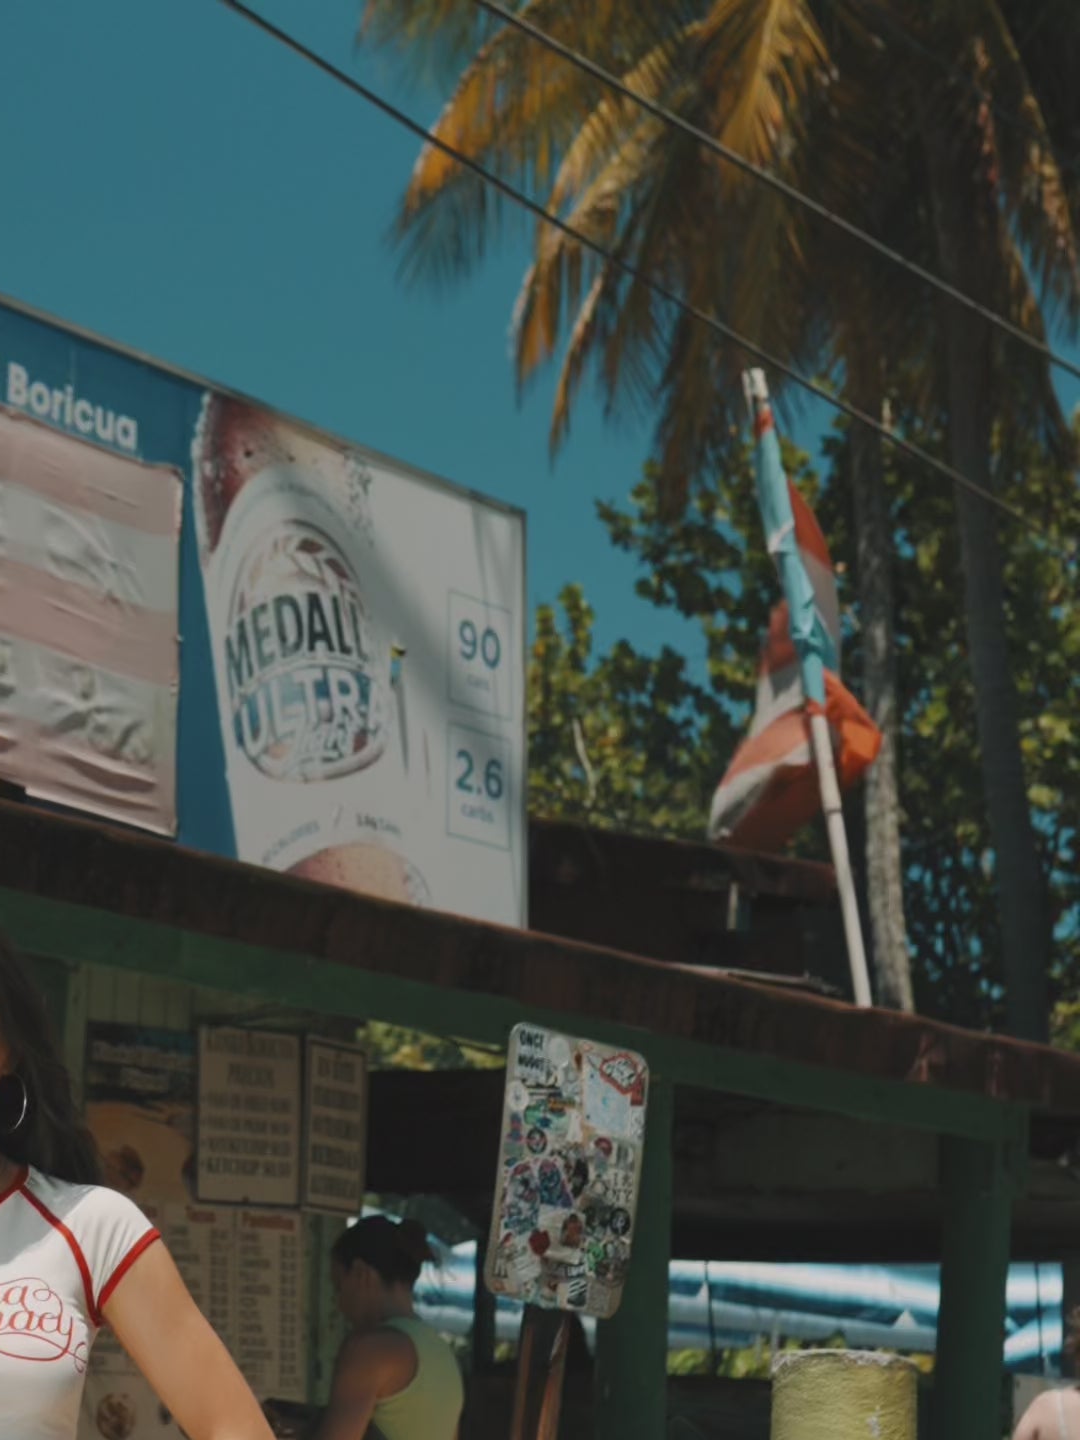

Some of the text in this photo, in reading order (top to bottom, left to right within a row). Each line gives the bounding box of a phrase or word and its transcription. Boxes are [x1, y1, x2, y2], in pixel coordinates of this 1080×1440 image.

[7, 361, 138, 450] Boricua
[458, 619, 501, 670] 90
[455, 749, 503, 800] 2.6
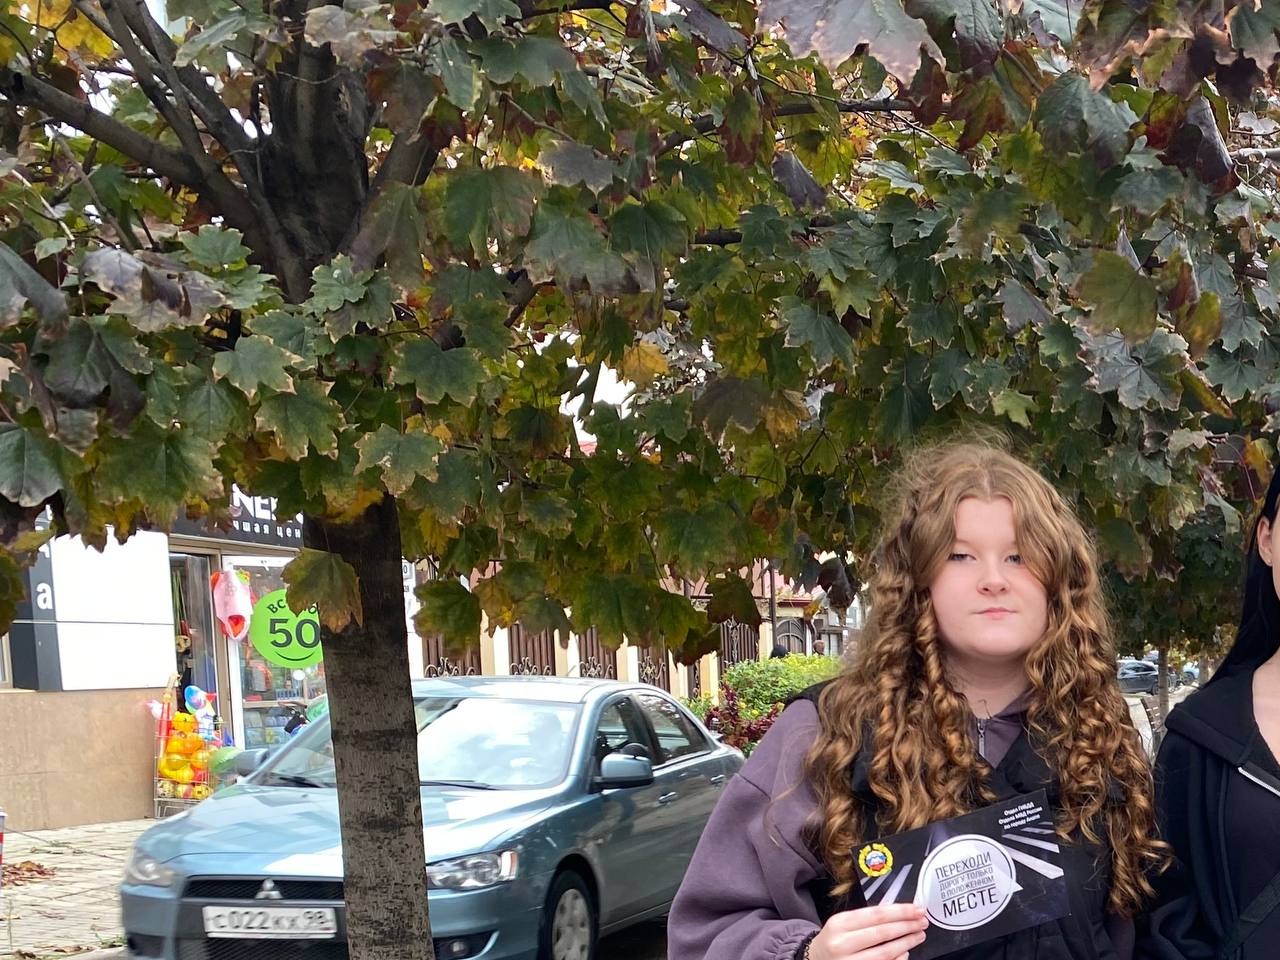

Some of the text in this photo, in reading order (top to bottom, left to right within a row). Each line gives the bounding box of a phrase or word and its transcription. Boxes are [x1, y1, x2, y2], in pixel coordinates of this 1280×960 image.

[277, 524, 302, 539] цен
[269, 618, 321, 649] 50
[935, 851, 992, 880] ПЕРЕХОДИ
[939, 867, 994, 891] ДОРОГУ ТОЛЬКО
[946, 875, 995, 897] ПОЛОЖЕННОМ
[943, 886, 999, 918] МЕСТЕ
• • • • • • •
WHAT IS BEING ASKED: The answer is the whole listing retyped exactly, with pictures omitted.

SOLUTION FOR THIS PROBLEM:
Some of the text in this photo, in reading order (top to bottom, left to right within a row). Each line gives the bounding box of a phrase or word and its transcription. Boxes are [x1, y1, x2, y2], in pixel coordinates of this 1080×1440 image.

[7, 361, 138, 450] Boricua
[458, 619, 501, 670] 90
[455, 749, 503, 800] 2.6

Some of the text in this photo, in reading order (top to bottom, left to right within a row). Each line gives the bounding box of a phrase or word and its transcription. Boxes are [x1, y1, x2, y2], in pixel coordinates of this 1280×960 image.

[277, 524, 302, 539] цен
[269, 618, 321, 649] 50
[935, 851, 992, 880] ПЕРЕХОДИ
[939, 867, 994, 891] ДОРОГУ ТОЛЬКО
[946, 875, 995, 897] ПОЛОЖЕННОМ
[943, 886, 999, 918] МЕСТЕ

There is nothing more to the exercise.